Where do you go when you go out? Sometimes you don’t even have to say anything; it’s all on your hand. There’s something I enjoy about returning home on the subway after a night of drinking and dancing. It’s comforting to walk onto a subway platform at four in the morning and see a bevy of students, scenesters, and soused singles trying to find their way home.
One night, on a local train headed to my neighborhood, I noticed an exchange between two strangers. “Where are you guys coming from,” said a twentysomething to a group of inebriated, clearly underage, Long Islanders. “Webster Hall,” a wobbling blonde slurred, wearing a tattered tank top, jeans and patent leather heels. “Of course, look at the Sharpie X on your hands!”

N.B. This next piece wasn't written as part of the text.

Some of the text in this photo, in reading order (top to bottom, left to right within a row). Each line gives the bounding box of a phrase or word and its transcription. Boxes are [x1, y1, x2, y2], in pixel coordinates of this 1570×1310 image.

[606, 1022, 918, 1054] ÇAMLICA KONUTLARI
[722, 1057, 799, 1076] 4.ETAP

Naturally, I glanced over to check it out myself. The group of kids, falling on top of each other—one even had to curl up in a corner to vomit a night’s worth of binge drinking—all had a big black X drawn on the back of their left hands. I mean, who really cares, right? But the dude who made the announcement continued to hound the girl and her friends. He cackled, pointed and insulted them. Why?

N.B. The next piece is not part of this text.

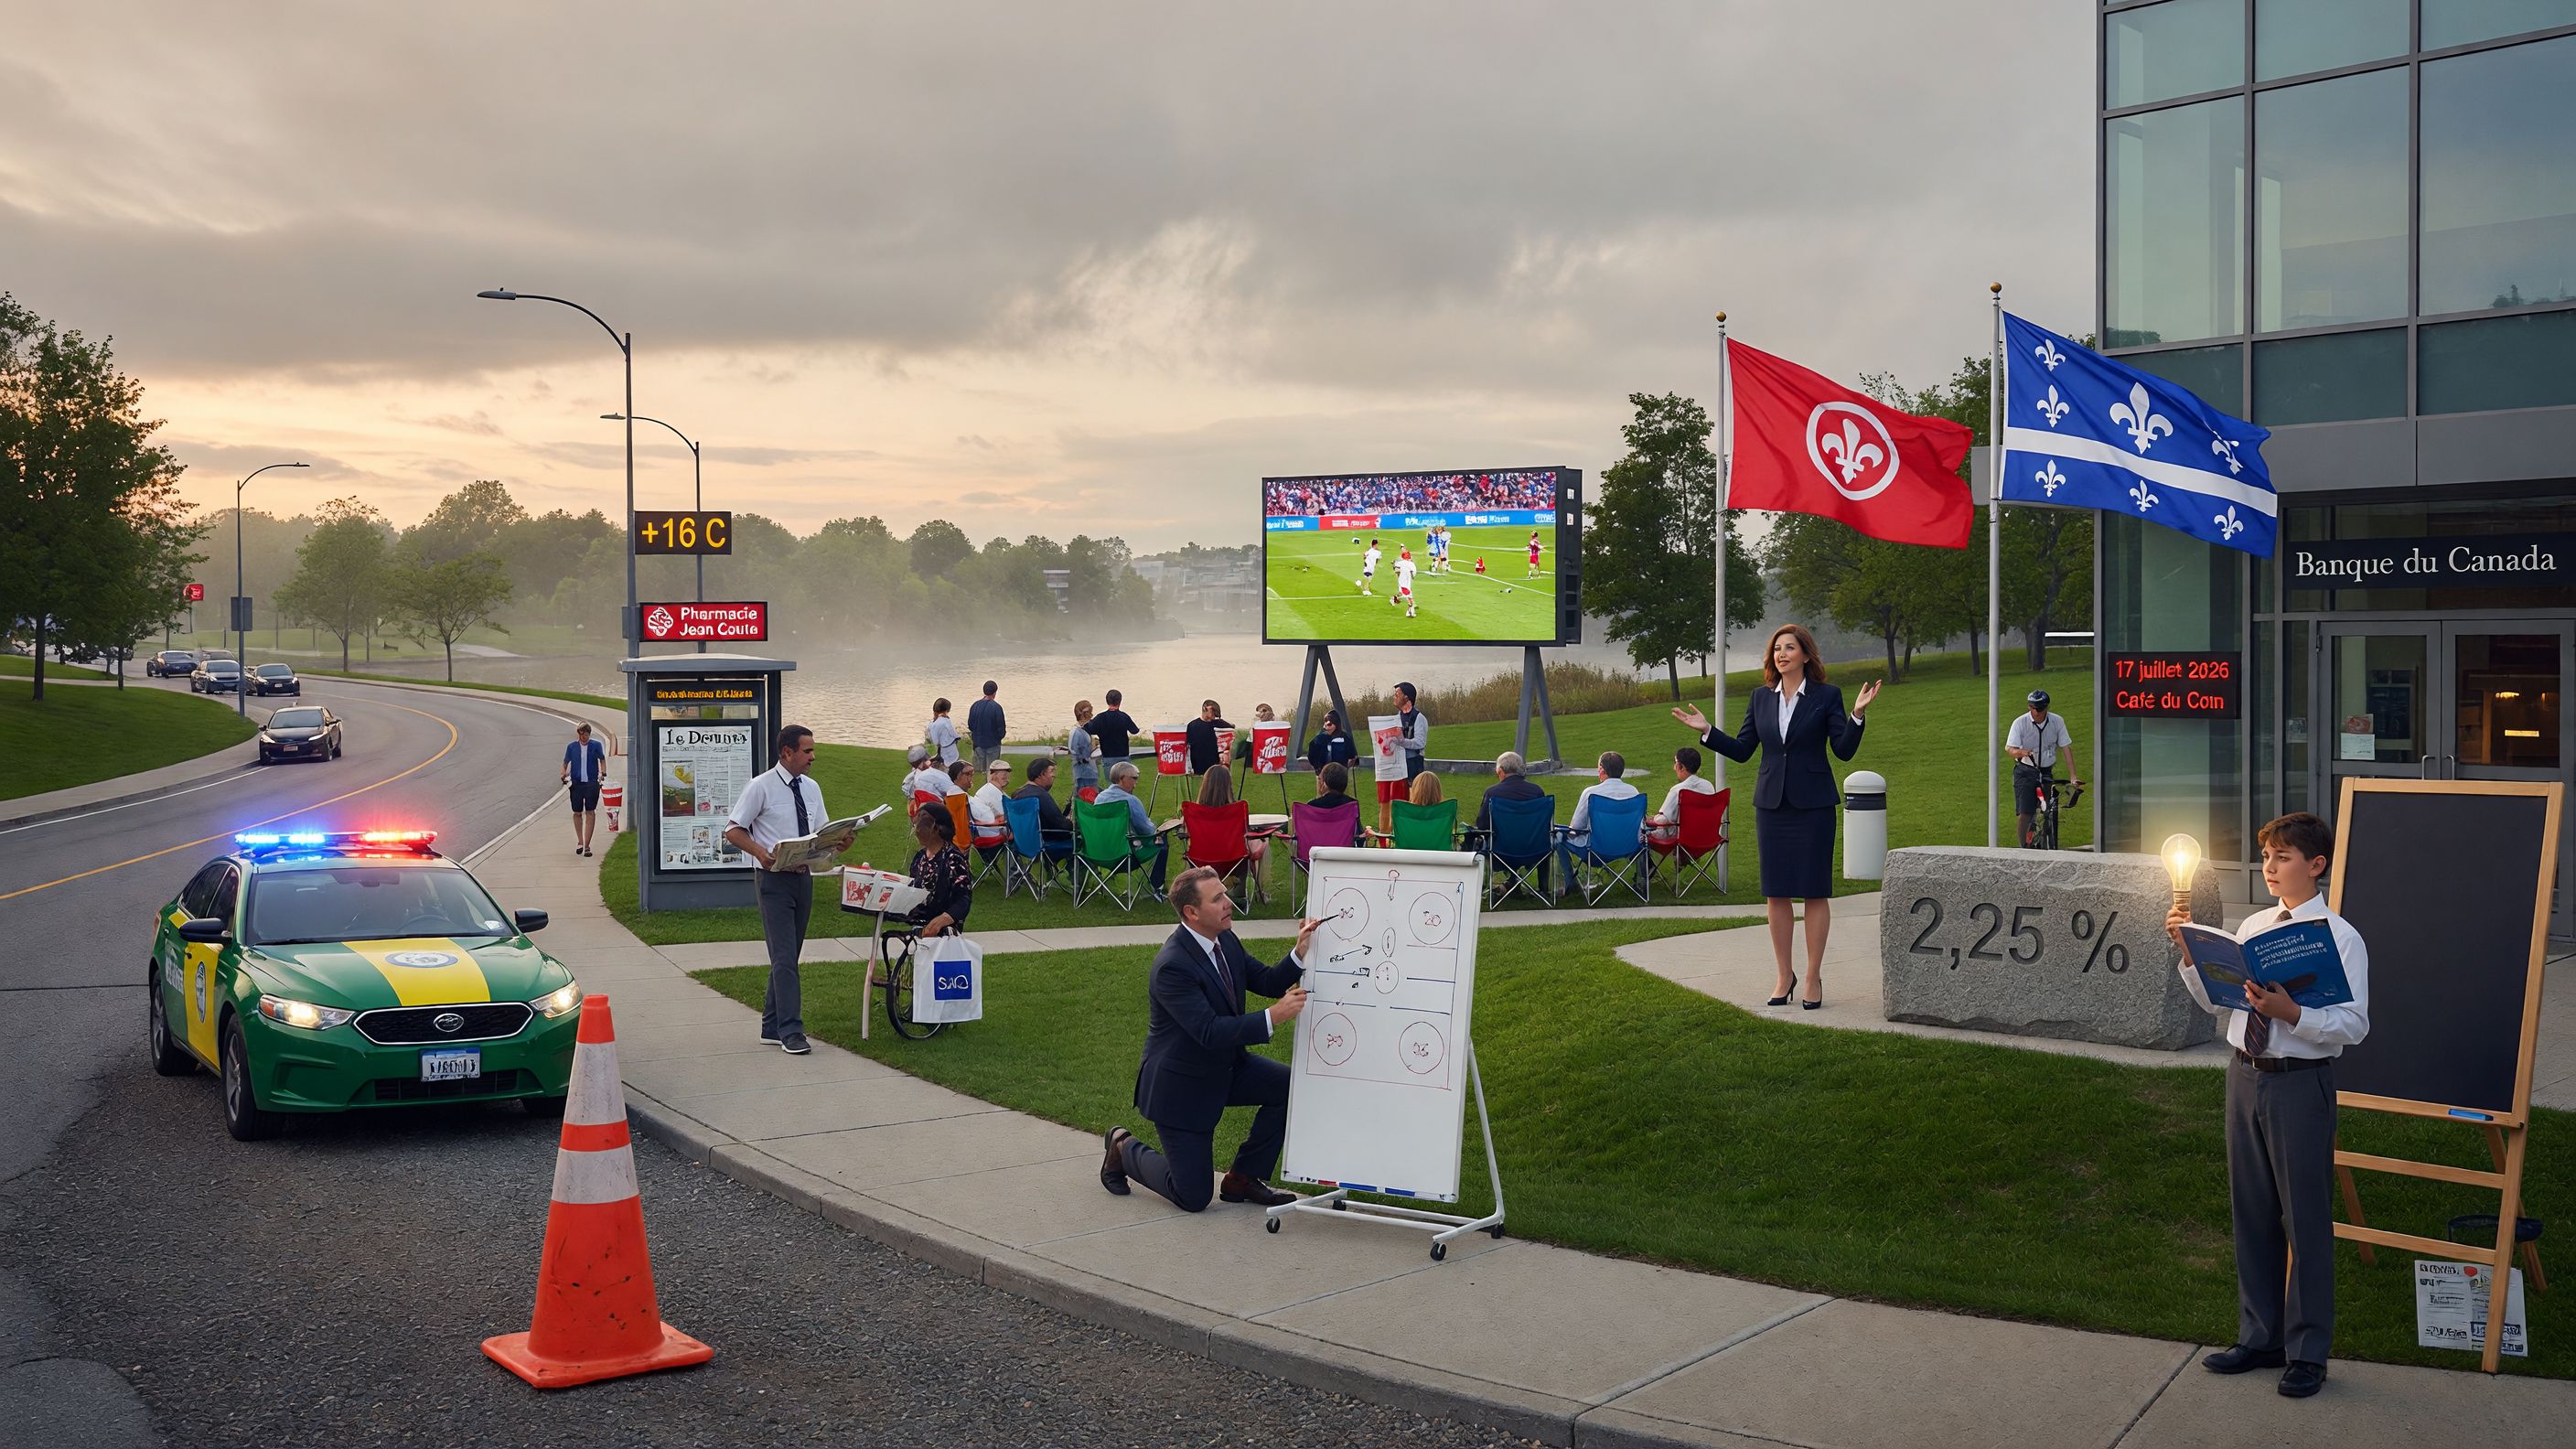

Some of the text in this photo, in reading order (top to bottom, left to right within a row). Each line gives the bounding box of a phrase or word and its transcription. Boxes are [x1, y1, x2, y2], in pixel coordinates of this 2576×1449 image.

All the various people sharing the car with me that night had some sort of markings, myself included. We all had gone out somewhere, had our fun (or not) and were trying to get to bed. “Well where did you go,” the blonde retorted. “Le Bain,” the dude replied, apparently proud of his response.
What differentiates the red rhombus-shaped stamp of Le Bain from the black makeshift stamp of Webster Hall? If one is better than the other, then how about other variations of bar stamping? What would a layering of different stamps on one hand reveal about the person wearing them? Does a stamp on the inside of your wrist make you more hip than one on the back of your hand?
I realized that these markings could stand for something larger. They’re badges that you collect like a Boy Scout and symbols of your nighttime (mis)adventures. So, a stamp suggests more than just a patron’s entry into the bar or club. Someone who sees you with a mark on your hand knows that you like to party, that you may or may not have gotten drunk, and that you have a story. You may be judged by what you have on your hand, like the chick on the subway. You may be revered because you were able to get in that bar. In any case, the stamp is a status symbol of sorts, underlining your nightlife prowess… or lack thereof.
Even on a more intimate level, the markings on your hand hold a personal story of your night out. I needed to scrub feverishly at my hand one morning to wash away any evidence of the previous night. The faint worn mark was not just an inconsequential insignia of a bar. It screamed the bad decisions of that night—a night of poorly chosen acts of a drunken libertine. Because of what happened, that little stamp transmogrified into a parasite, feeding off my shame; it had to be removed.
On the other hand, my friend who recently saw The Drums in concert won’t want to lose the proof that she was at this lounge, two feet away from her favorite band. A silly “Void” stamp had anything but empty connotations. It symbolized a night where she got a chance to enjoy the band she loved. Photographs and videos could have documented that same experience. But a stamp would perhaps be one of the only corporeal traces of that night out. It’s a souvenir that is tacked onto your body.
What will you think of that temporary ink on your hand when you wake up in the morning? Will you cringe or smile? It’s really whatever you make of the night that informs the semiotics of bar/clubs stamps. I say, go out, have fun, and try not to fuck up.